Indie Music: Anne-Simone "Bittersweet"

by Germar Derron

I tend to not review a project, when I have nothing good to say. I'm not worried about your reaction to my reactions.  I’m not concerned about hurting someone’s feelings. It’s like when you do those evaluations in school, and give teachers you love all fives and teachers you hate all ones. Well, the smart people that evaluate your evaluations know to completely disregard the all-ones and all-fives.  No one is that bad, or that good, at anything, except for me and I'm not saying whether I’m bad or good. So, when I have nothing good to say, I feel like the project is obviously not for me; I abstain.  I really really should not write this review.

If I knew Anne-Simone, I’d tell her, “don't release this project.”  I know.  I've been there.  And I did release our project and it’s out there—my great shame—for all eternity. Bittersweet is supposed to be an uplifting futuristic- indie- electro- pop debut masterpiece. It sounds more like, “nah brah.” Personally, I hear talent—wasted. But maybe it sounds exactly like it should. 

If Anne-Simone goes on to have a stellar music career, this album and music video will be digitally dusted off by a late night host. She'll blush and tell stories about how inexperienced she was.  

Each track sounds generic--every kind of generic. They sound like electro-pop and indie-pop demos on a Yamaha keyboard from 2023 (because those demos are always 20 years old). It reminds me of the fuzzy familiarity of K-pop. It sounds familiar, but then you realize it's not English, but you know the melody anyway. It's like that, but not nearly as good, and in English.
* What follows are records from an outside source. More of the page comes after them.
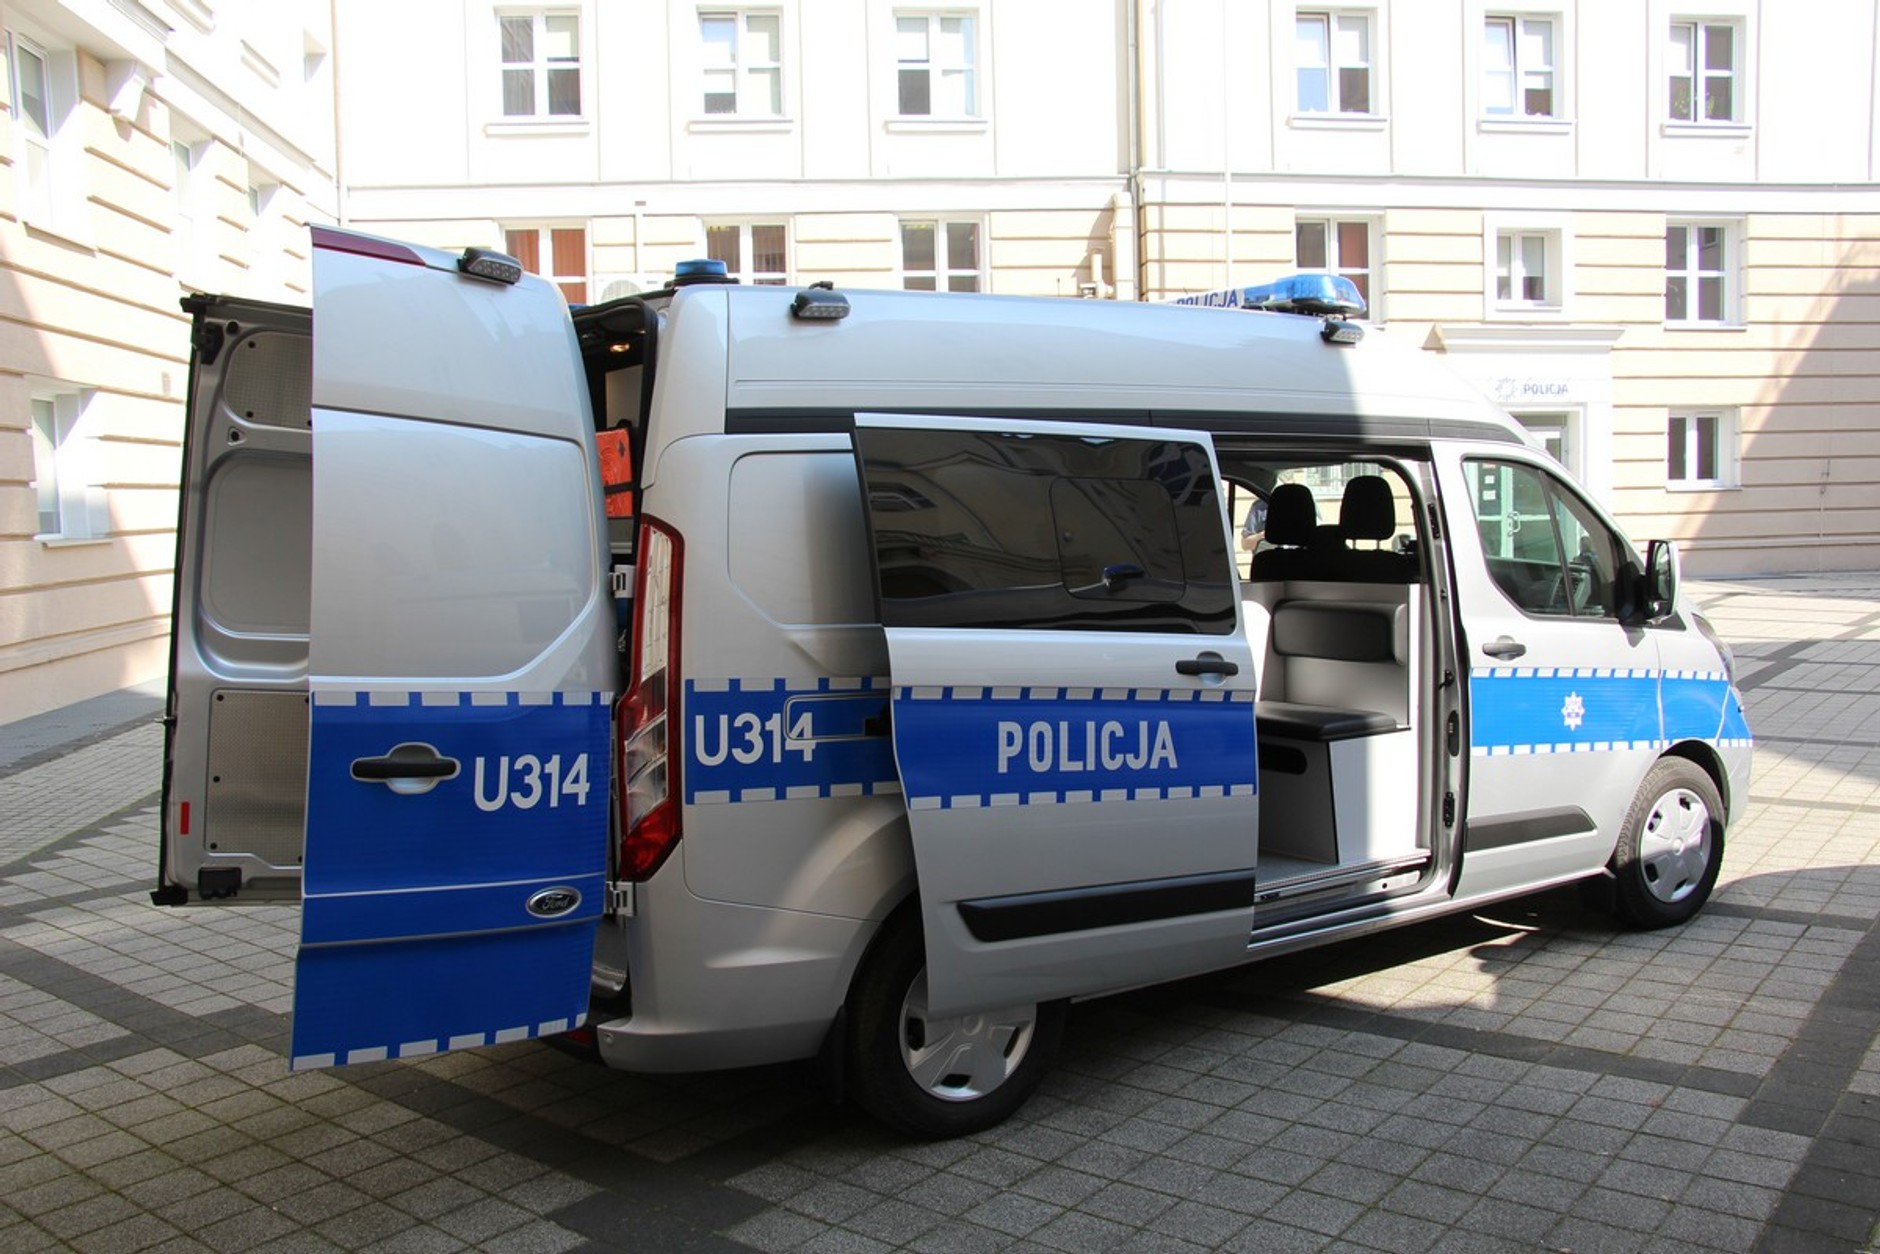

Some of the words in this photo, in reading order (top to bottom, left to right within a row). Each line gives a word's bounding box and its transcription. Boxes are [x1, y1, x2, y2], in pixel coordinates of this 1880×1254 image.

[1523, 383, 1569, 395] POLICJA
[695, 711, 816, 767] U314
[997, 720, 1178, 774] POLICJA
[473, 752, 590, 812] U314
[542, 894, 570, 910] Ford
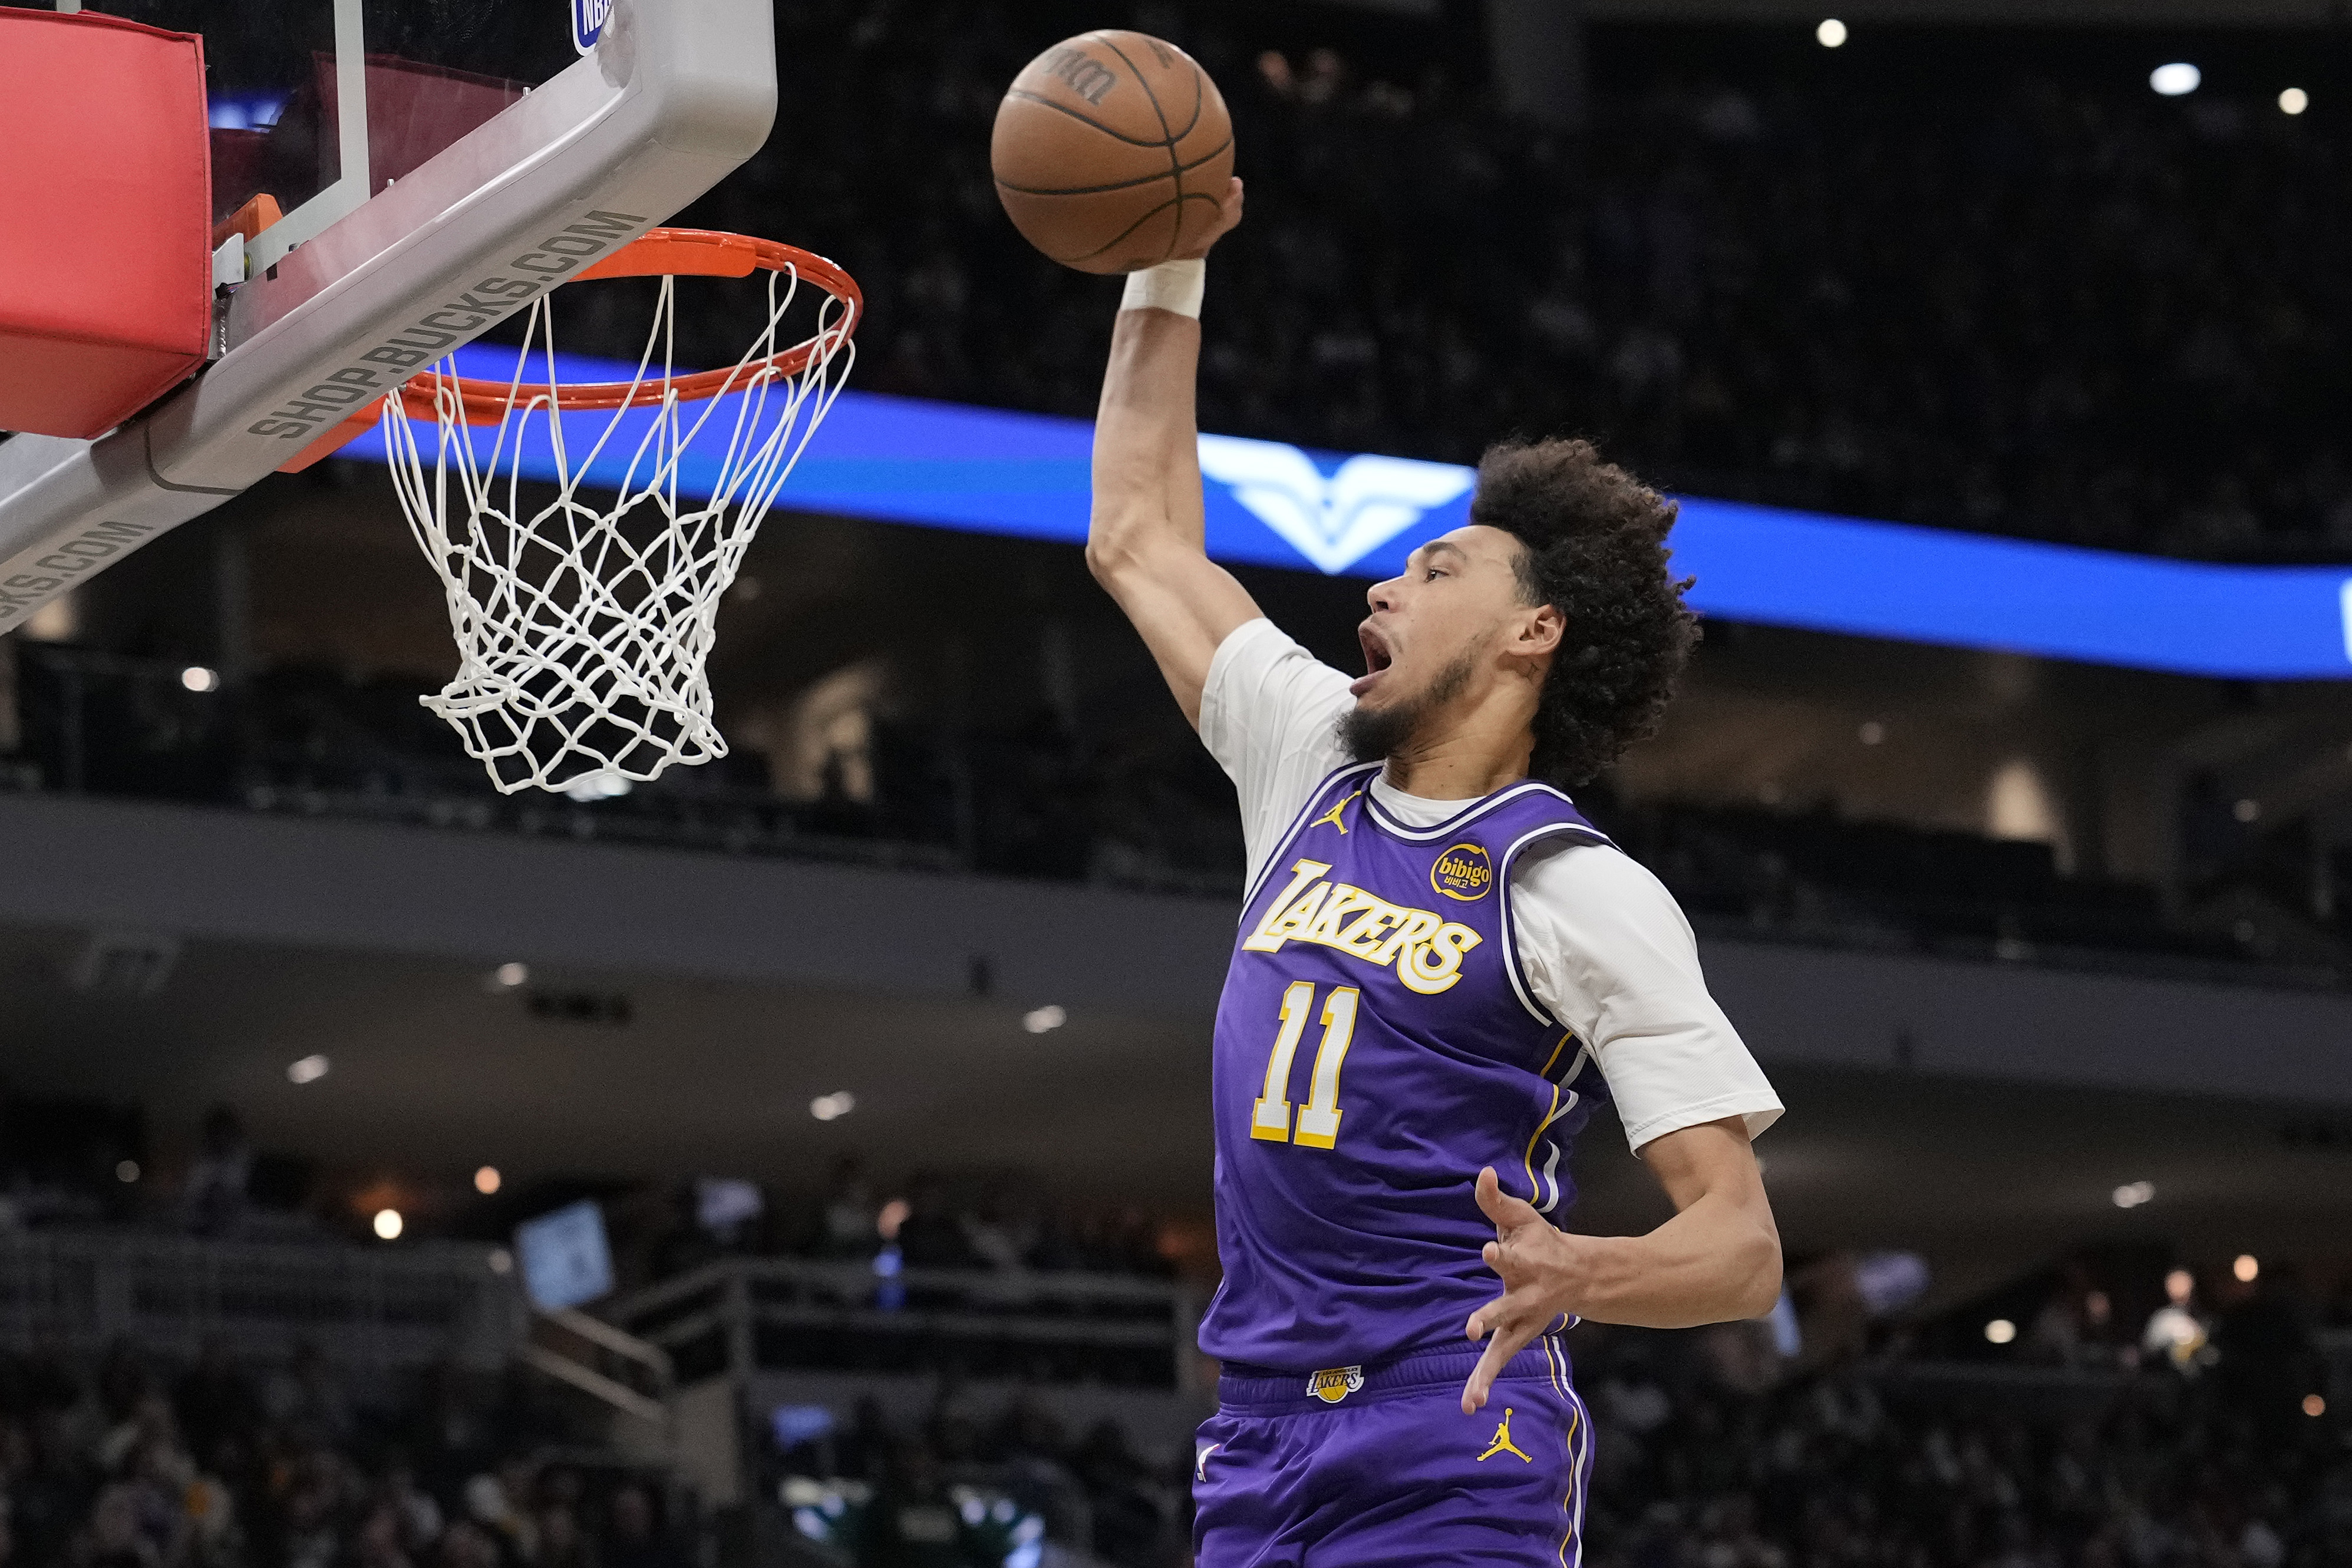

When I listen to anything pre-1980, I cannot ignore all the pitch problems. Some of those Motown orchestras sounded like nails on chalkboards and cats in heat. Almost all of the vocals were just close enough apparently. Somehow, those tuning issues, sharp low notes, and flat high notes seem purposeful, and charming. But this isn't the 60s. This is pen tools and Auto-tune, note detection and unlimited tracks.  I’m not sure if the “pitchiness” is purposeful, but it’s not delightful. It’s nothing like Michael’s slight bends.  It’s painful, and exaggerated in the slower pieces. 

I'll give this two of five stars, because I know why I shouldn't give it one.